O roteiro de entrevista é uma
síntese do problema da pesquisa, por isso dividi as perguntas em três blocos. O
primeiro sobre as características do entrevistado, o segundo sobre sua relação
com a Colônia Francesa e o terceiro sobre sua memória e suportes.
A memória social surge quando os
acervos testemunham o passado e
identificam no presente. Estas duas perspectivas dependem somente do
indivíduo. Ele é quem vive, necessita e lembra. Ele escolhe e se apropria de
determinados suportes para contar a sua história. Visto existir essa
subjetividade que diversifica e enriquece o questionamento científico, é
preciso realizar uma amostragem para análise.
Nesta amostragem foram
convidadas três famílias com diferentes graus de proximidade com o núcleo da
Colônia Francesa: uma que sempre viveu na Colônia; outra que depois tenha saído
da Colônia; e outra que tenha ido para fora do Município. Dentro de cada uma
destas três famílias, fez-se nova amostragem, agora por diferentes gerações:
alguém da 1ª geração (por exemplo, um avô); outro da 2ª geração (um filho); e
outro de 3ª geração (o neto). Cada um destes nove depoentes tem condições de
apresentar seus diferentes suportes de memória pessoal para serem
inventariados: suportes de fonte material (por exemplo, construções e
objetos); suportes de fonte visual (fotografia, pintura, desenhos); suportes de
fonte oral (conselhos, vivências, saberes, anedotas); e suportes de fonte
escrita (jornais, certidões, livros).
Cada indivíduo está inserido em grupos sociais diferentes e utiliza elementos
diferentes para contar sua história pessoal ou familiar e manter suas raízes.
Alguns resultados
Depois da construção metodológica, a pesquisa segue as etapas práticas e
chega ao momento da constituição do corpo documental. Após ter muito se exercitado
para dar boas linhas e formas ao corpo teórico e metodológico. É preciso ainda ter
o corpo documental muito bem definido antes de partir para a análise.
O corpo documental tem de me permitir alcançar o objeto de pesquisa, ou
seja, devo ser capaz de entender por um lado o histórico da Colônia Francesa,
sua memória social e identidade étnica; e por outro lado, identificar estes
suportes de memória e como eles são utilizados pelo grupo.

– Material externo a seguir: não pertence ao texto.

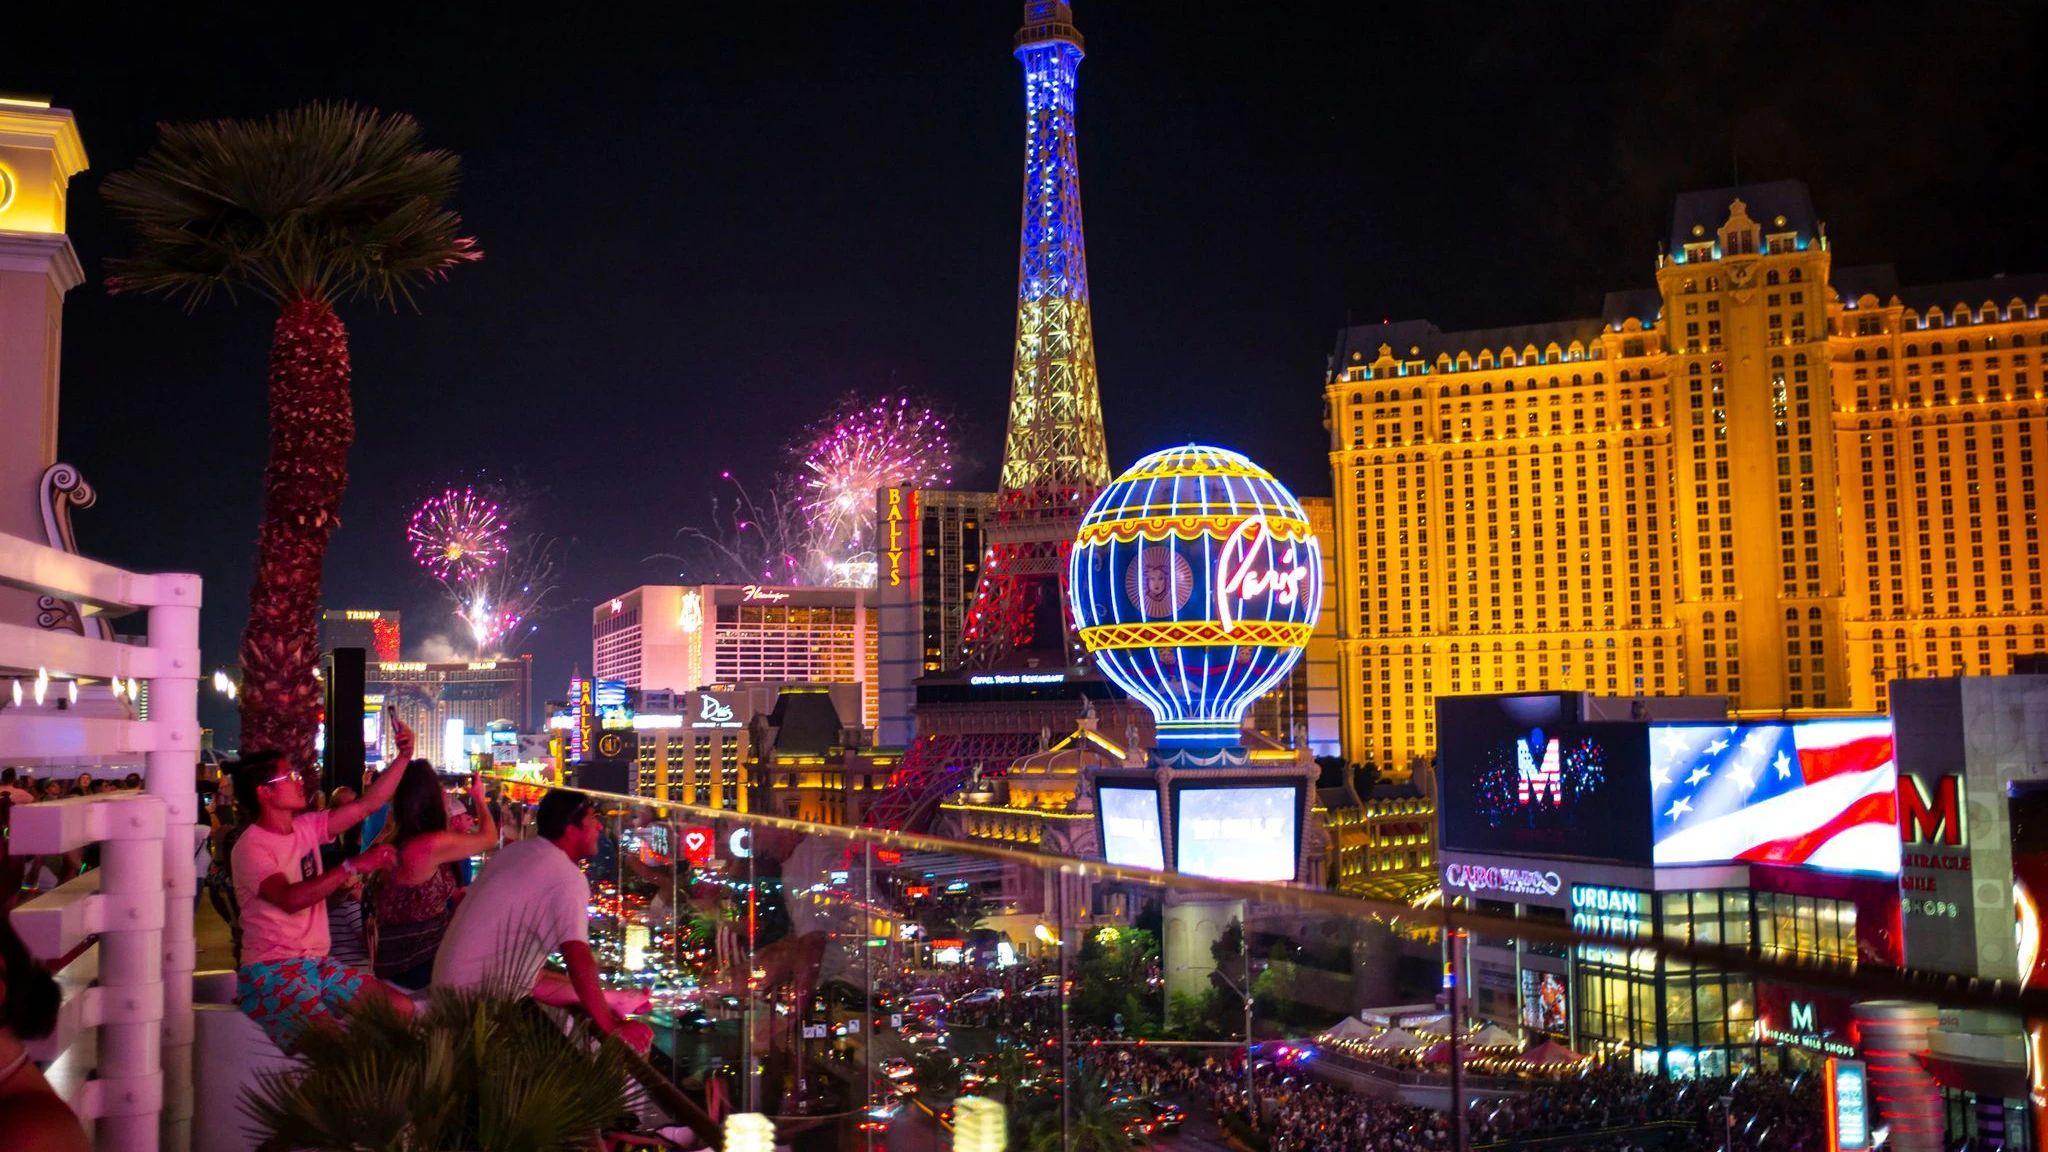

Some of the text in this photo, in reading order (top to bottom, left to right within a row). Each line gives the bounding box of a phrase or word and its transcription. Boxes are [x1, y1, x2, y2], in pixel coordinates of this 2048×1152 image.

No foco de pesquisa está a Colônia Francesa de Santo Antônio, fundada em
1880, localizada no Distrito de Quilombo (Sétimo Distrito do município de
Pelotas), a distância de
Para sua continuidade na fronteira étnica, o grupo fez uso de alguns
traços culturais que representando símbolos e significados, vinculam indivíduos
numa organização social chamada etnia. A existência de um grupo étnico não vem
da presença de traços culturais. Mas, das relações e sentimentos de pertença na
fronteira étnica. É por isso que não busco resgatar memória, identidade ou
história. Aquelas pessoas de sangue francês não existem mais, existem sim,
descendentes de famílias francesas que fazem uso de determinados suportes de
memória, que são ou referenciam traços culturais que os une socialmente no
presente.
Para responder ao meu problema de pesquisa é preciso cruzar as diferentes
fontes (orais, materiais e visuais) e as diversas categorias de análise. É
preciso dialogar a memória social com seus suportes.
Aspectos conclusivos
Para finalizar esta partilha das dificuldades, cuidados e experiências
que tive na criação das ferramentas para meu trabalho de pesquisa, eu gostaria
de chamar atenção para alguns aspectos que penso serem importantes numa
pesquisa social.
Primeiro, devemos pensar nos riscos e dificuldades que o projeto de
pesquisa pode ter. No meu caso, o mais significativo deles é a
descaracterização do meio. Essa descaracterização não se dá por falta de
interesse ou mudança cultural, o que é natural haver ressignificações e
alterações de conteúdo ao longo do tempo, pois o homem é um ser em constante
atualização. A descaracterização se dá por empobrecimento da zona rural e leva
à mudança acelerada das referências às próprias raízes assim como das antigas
adegas, fábricas e casas de pedra erguidas pelos imigrantes.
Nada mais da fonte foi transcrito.